Exact reproduction of the listing is required. Pictures are not reproduced.

[Working data Boundary: Start]

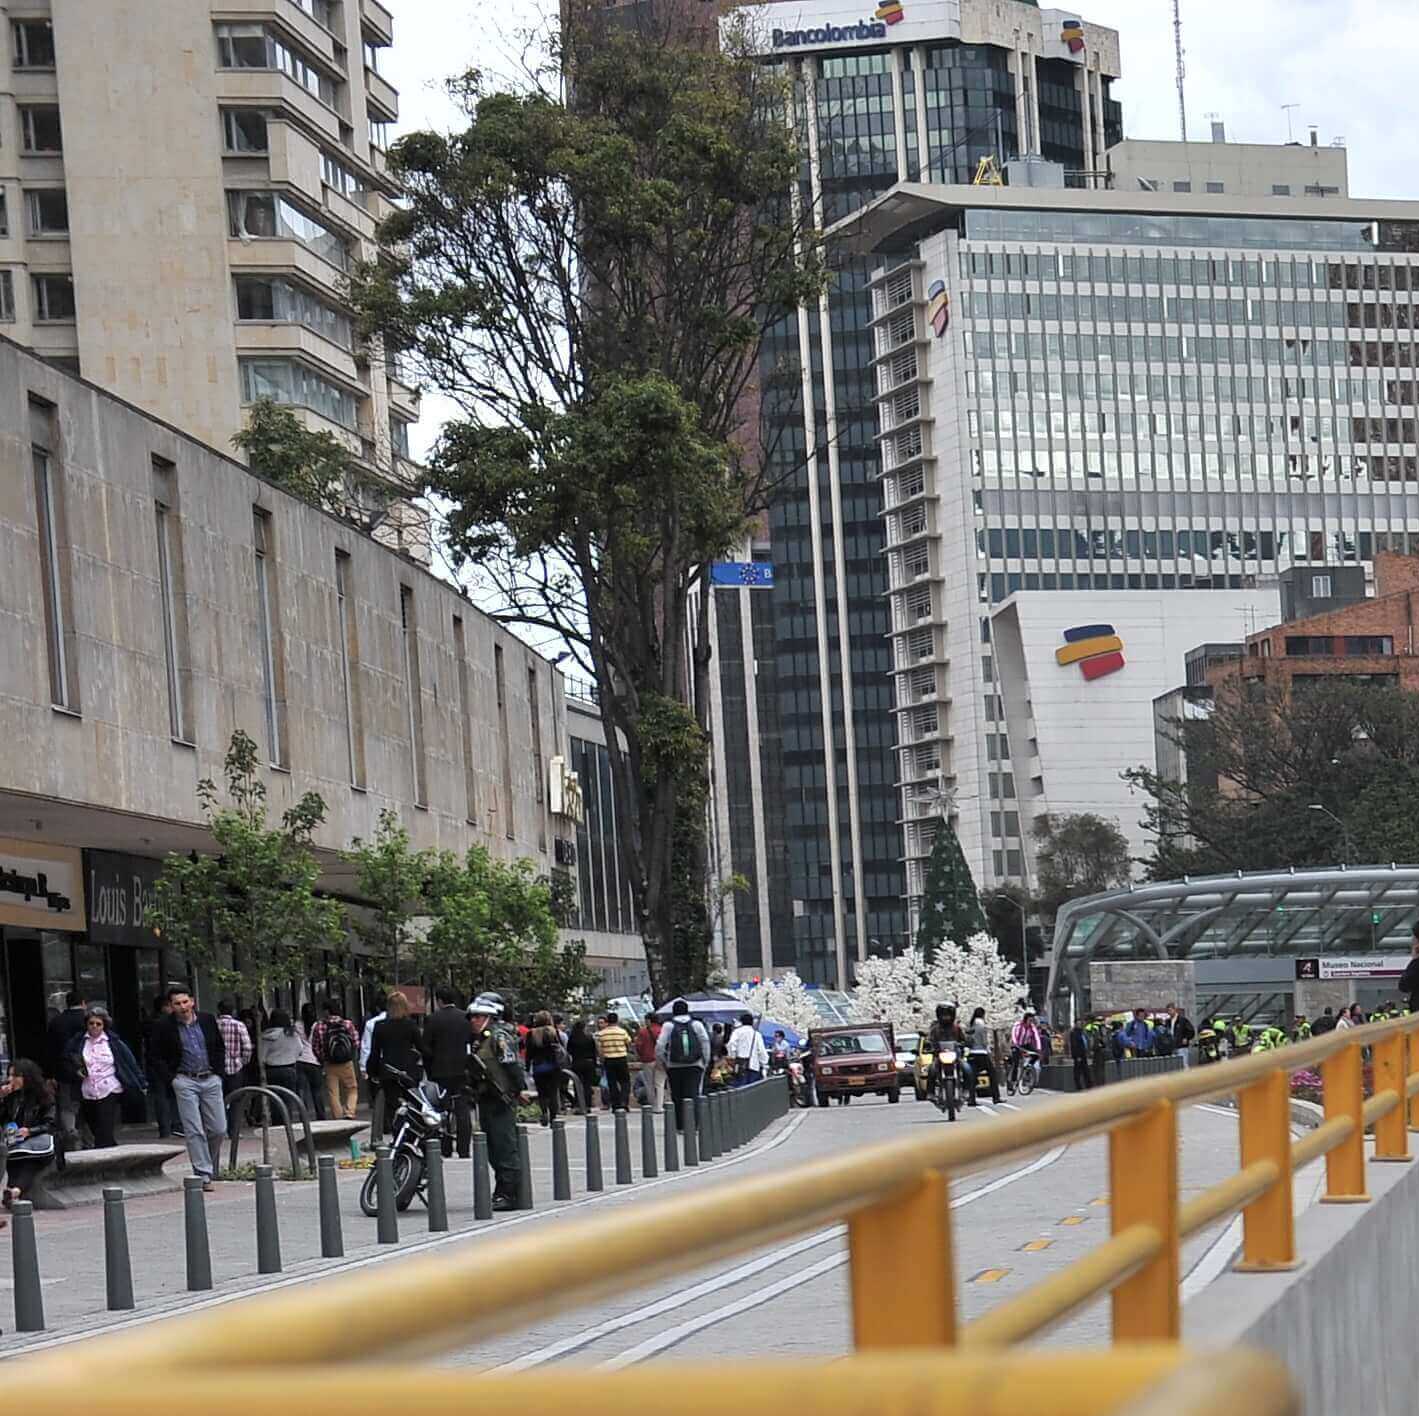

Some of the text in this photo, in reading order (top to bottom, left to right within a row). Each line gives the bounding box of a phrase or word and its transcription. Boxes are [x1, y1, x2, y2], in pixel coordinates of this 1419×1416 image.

[772, 17, 886, 48] Bancolombia
[91, 869, 127, 927] Louis
[1322, 959, 1384, 970] Museo Nacional
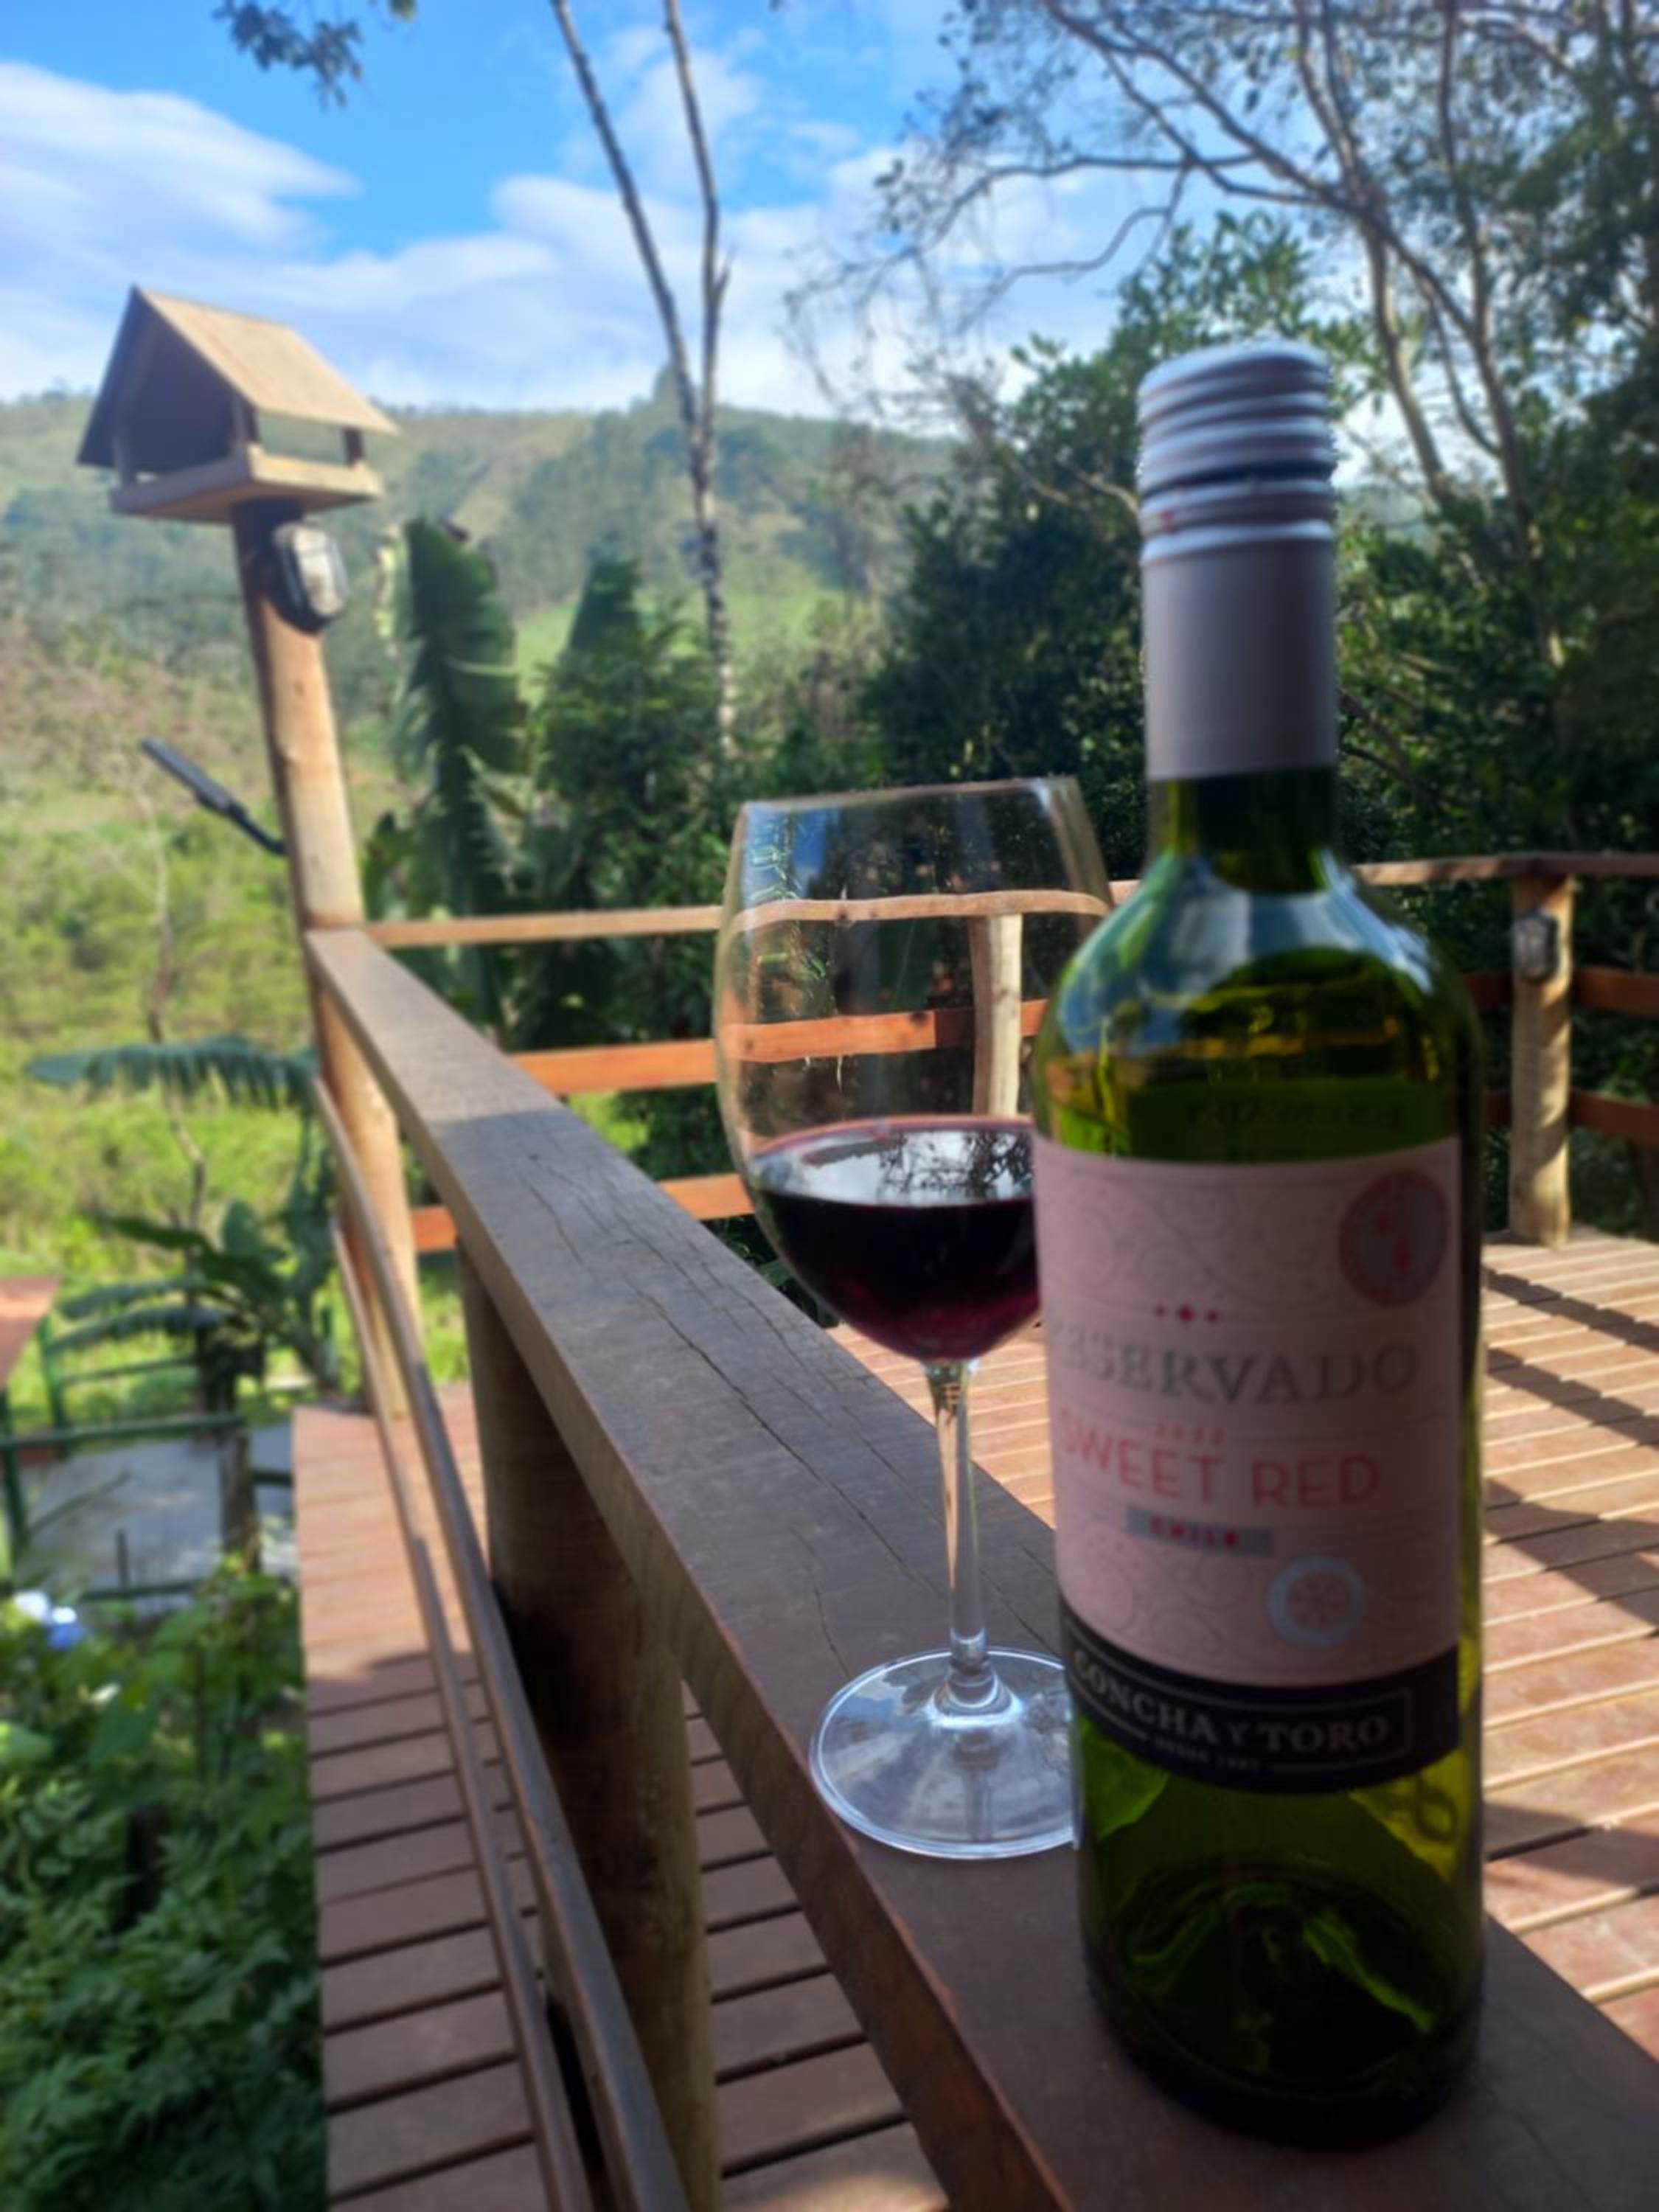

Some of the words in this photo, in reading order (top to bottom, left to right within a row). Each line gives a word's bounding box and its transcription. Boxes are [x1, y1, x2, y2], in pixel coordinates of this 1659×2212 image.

[1060, 1408, 1223, 1506] SWEET
[1251, 1453, 1382, 1509] RED
[1074, 1649, 1218, 1745] CONCHA
[1228, 1723, 1252, 1747] Y
[1260, 1714, 1389, 1753] TORO

[Working data Boundary: End]

### Exercise answer
Some of the text in this photo, in reading order (top to bottom, left to right within a row). Each line gives the bounding box of a phrase or word and its transcription. Boxes are [x1, y1, x2, y2], in pixel coordinates of this 1419×1416 image.

[772, 17, 886, 48] Bancolombia
[91, 869, 127, 927] Louis
[1322, 959, 1384, 970] Museo Nacional

Some of the words in this photo, in reading order (top to bottom, left to right within a row). Each line gives a word's bounding box and its transcription. Boxes are [x1, y1, x2, y2], in pixel coordinates of this 1659×2212 image.

[1060, 1408, 1223, 1506] SWEET
[1251, 1453, 1382, 1509] RED
[1074, 1649, 1218, 1745] CONCHA
[1228, 1723, 1252, 1747] Y
[1260, 1714, 1389, 1753] TORO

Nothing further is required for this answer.